• Task brief:
Make an exact copy of the entries below and leave any picture out of it.

• Provided data:
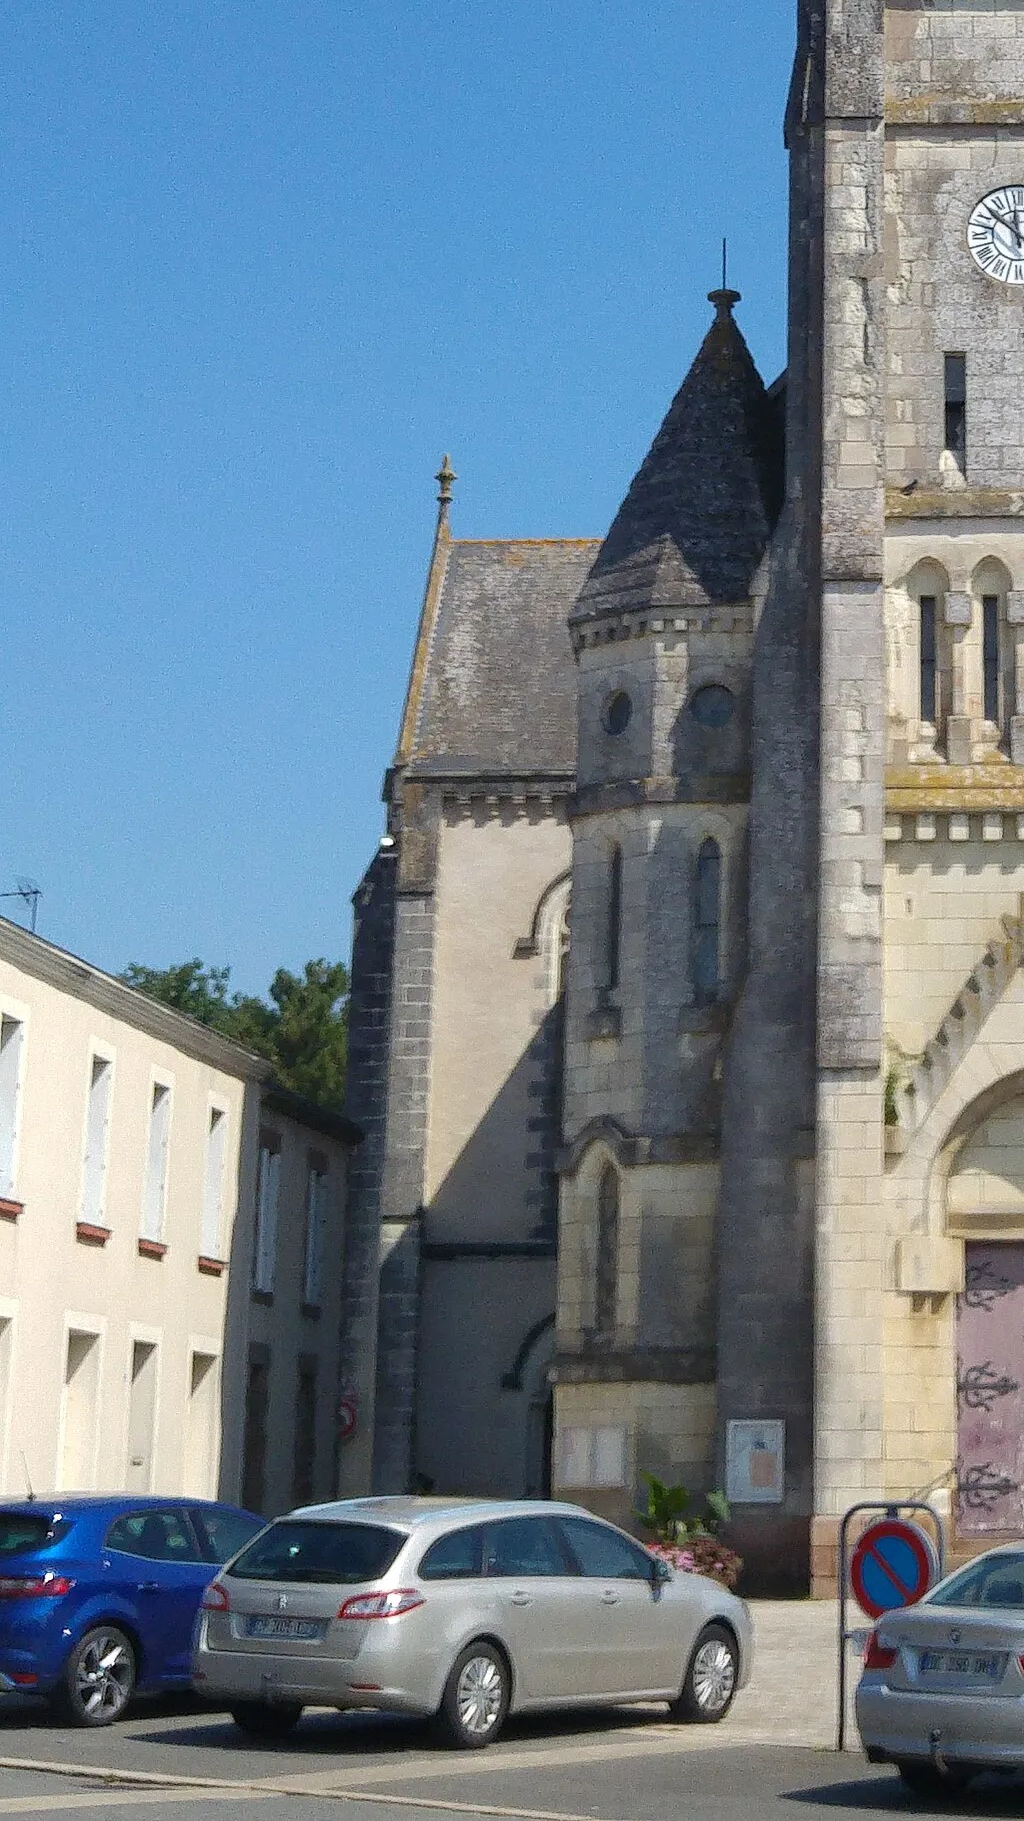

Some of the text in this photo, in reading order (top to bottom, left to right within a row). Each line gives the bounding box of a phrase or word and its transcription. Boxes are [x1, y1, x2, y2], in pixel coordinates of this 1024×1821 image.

[1011, 190, 1024, 206] XII
[973, 231, 987, 240] IX
[976, 246, 994, 264] VIII
[991, 259, 1007, 277] VII
[1014, 264, 1024, 280] VI
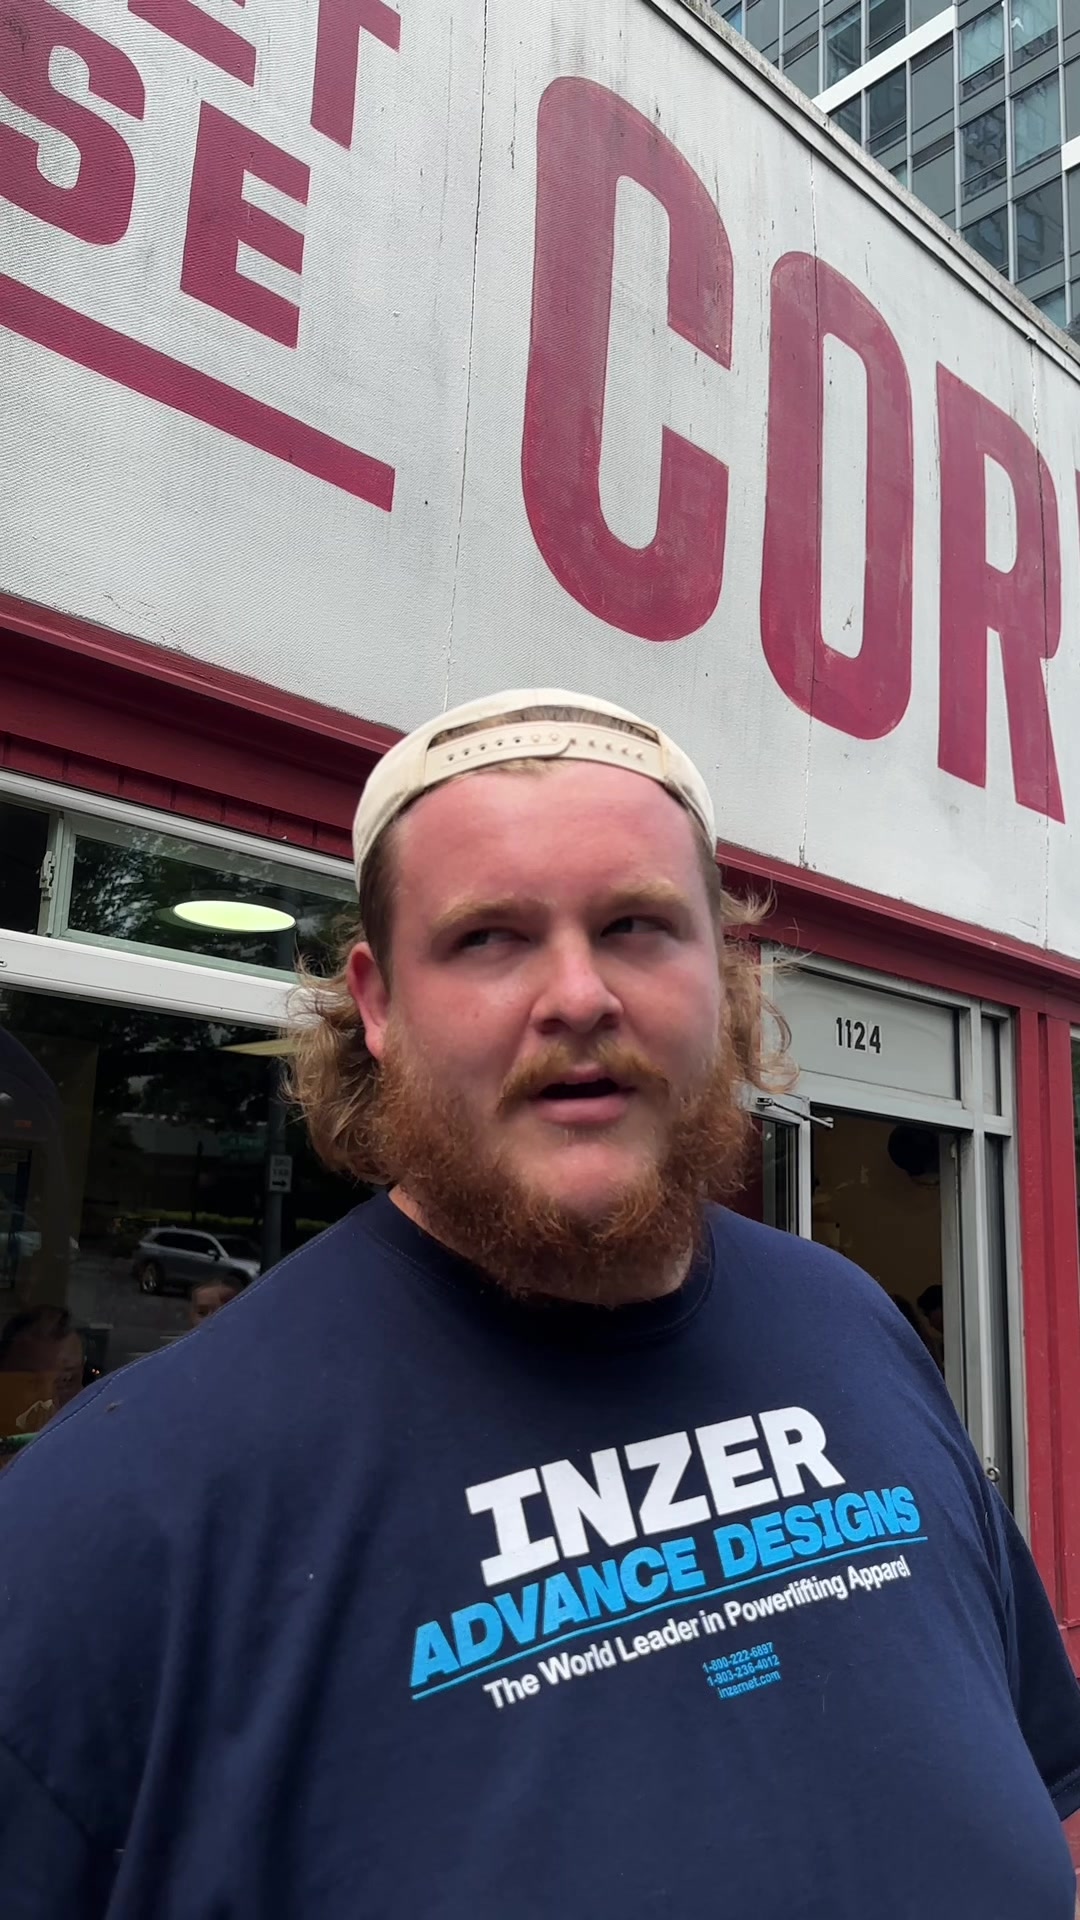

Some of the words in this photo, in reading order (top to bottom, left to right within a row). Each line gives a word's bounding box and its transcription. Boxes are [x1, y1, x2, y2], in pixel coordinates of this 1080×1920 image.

[127, 0, 402, 150] T
[521, 75, 1080, 825] COR
[835, 1016, 881, 1055] 1124
[465, 1405, 846, 1587] INZER
[410, 1537, 707, 1688] ADVANCE
[713, 1485, 922, 1579] DESIGNS
[483, 1668, 541, 1709] The
[538, 1641, 616, 1686] World
[616, 1617, 700, 1662] Leader
[698, 1609, 726, 1635] in
[725, 1573, 848, 1630] Powerlifting
[847, 1553, 912, 1595] Apparel
[702, 1641, 774, 1674] 1-800-222-6897
[706, 1654, 781, 1687] 1-903-236-4012
[716, 1670, 782, 1699] inzernet.com
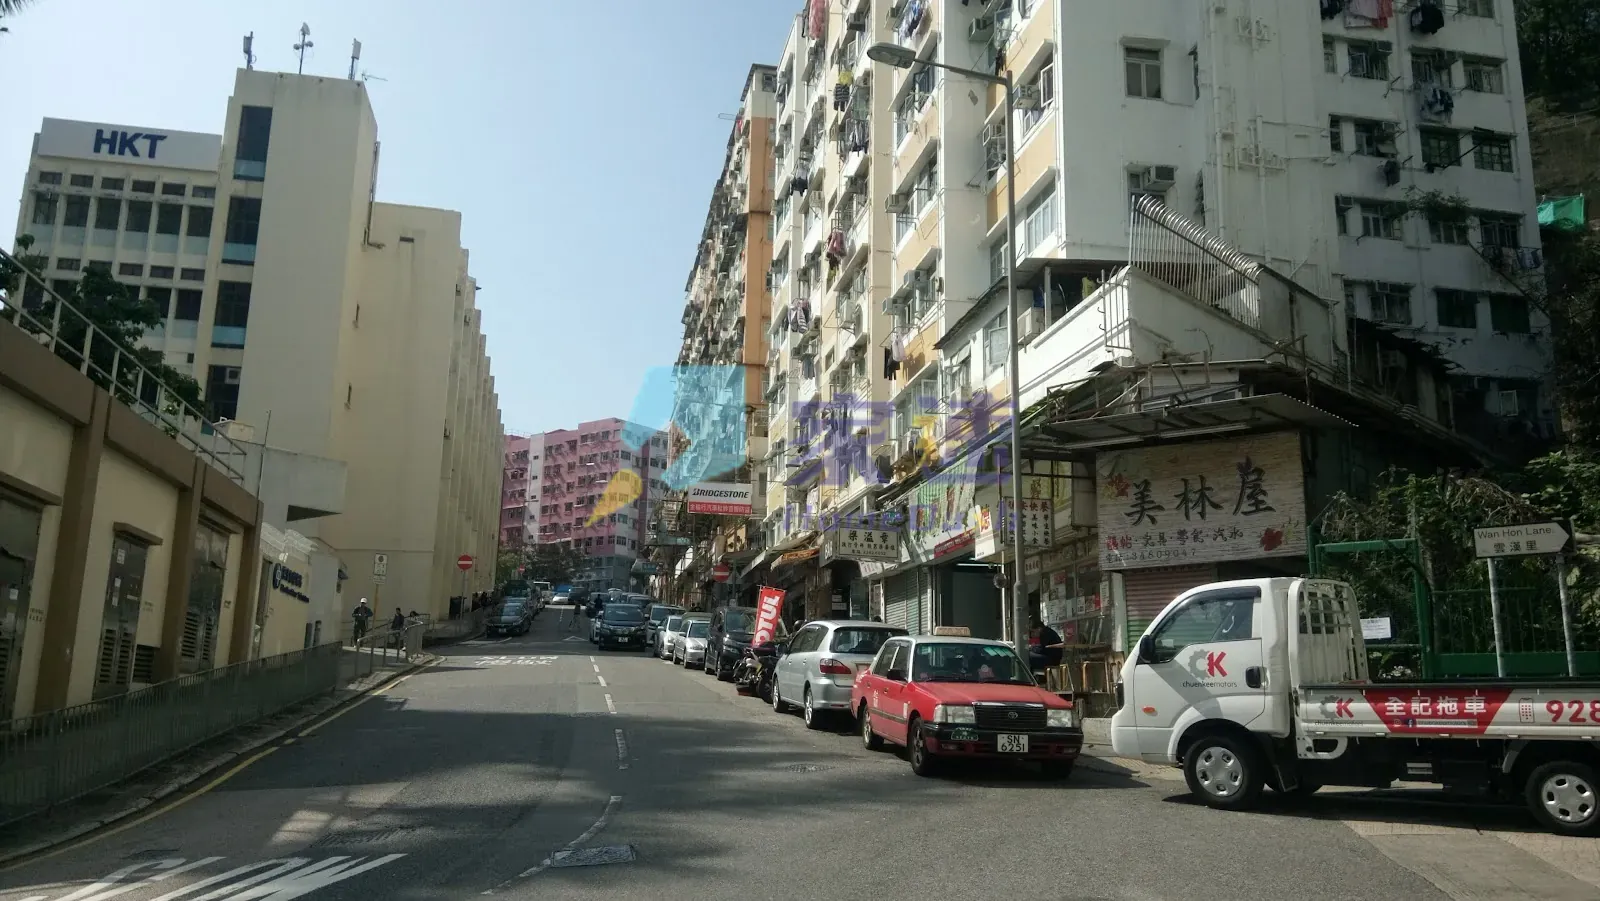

• Response box:
Some of the text in this photo, in reading order (top to bottom, left to right within a row). Each line gives the bounding box of a phrase or word and its transcription. Boxes are [x1, y1, x2, y2], in pixel coordinates of this 1024×1821 image.

[1011, 190, 1024, 206] XII
[973, 231, 987, 240] IX
[976, 246, 994, 264] VIII
[991, 259, 1007, 277] VII
[1014, 264, 1024, 280] VI

Some of the words in this photo, in reading order (top to bottom, left to right within a row). Each line gives a word's bounding box and its transcription. Boxes are [x1, y1, x2, y2], in pixel coordinates of this 1080×1920 image.

[127, 0, 402, 150] T
[521, 75, 1080, 825] COR
[835, 1016, 881, 1055] 1124
[465, 1405, 846, 1587] INZER
[410, 1537, 707, 1688] ADVANCE
[713, 1485, 922, 1579] DESIGNS
[483, 1668, 541, 1709] The
[538, 1641, 616, 1686] World
[616, 1617, 700, 1662] Leader
[698, 1609, 726, 1635] in
[725, 1573, 848, 1630] Powerlifting
[847, 1553, 912, 1595] Apparel
[702, 1641, 774, 1674] 1-800-222-6897
[706, 1654, 781, 1687] 1-903-236-4012
[716, 1670, 782, 1699] inzernet.com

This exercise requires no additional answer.